Your task> Retype the entries in full.

Input>
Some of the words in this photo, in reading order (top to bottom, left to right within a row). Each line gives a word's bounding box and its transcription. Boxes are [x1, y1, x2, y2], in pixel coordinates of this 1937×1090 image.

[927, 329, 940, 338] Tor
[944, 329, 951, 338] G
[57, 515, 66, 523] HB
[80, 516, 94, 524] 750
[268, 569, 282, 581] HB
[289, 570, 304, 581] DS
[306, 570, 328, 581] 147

Task result>
Some of the words in this photo, in reading order (top to bottom, left to right within a row). Each line gives a word's bounding box and its transcription. Boxes are [x1, y1, x2, y2], in pixel coordinates of this 1937×1090 image.

[927, 329, 940, 338] Tor
[944, 329, 951, 338] G
[57, 515, 66, 523] HB
[80, 516, 94, 524] 750
[268, 569, 282, 581] HB
[289, 570, 304, 581] DS
[306, 570, 328, 581] 147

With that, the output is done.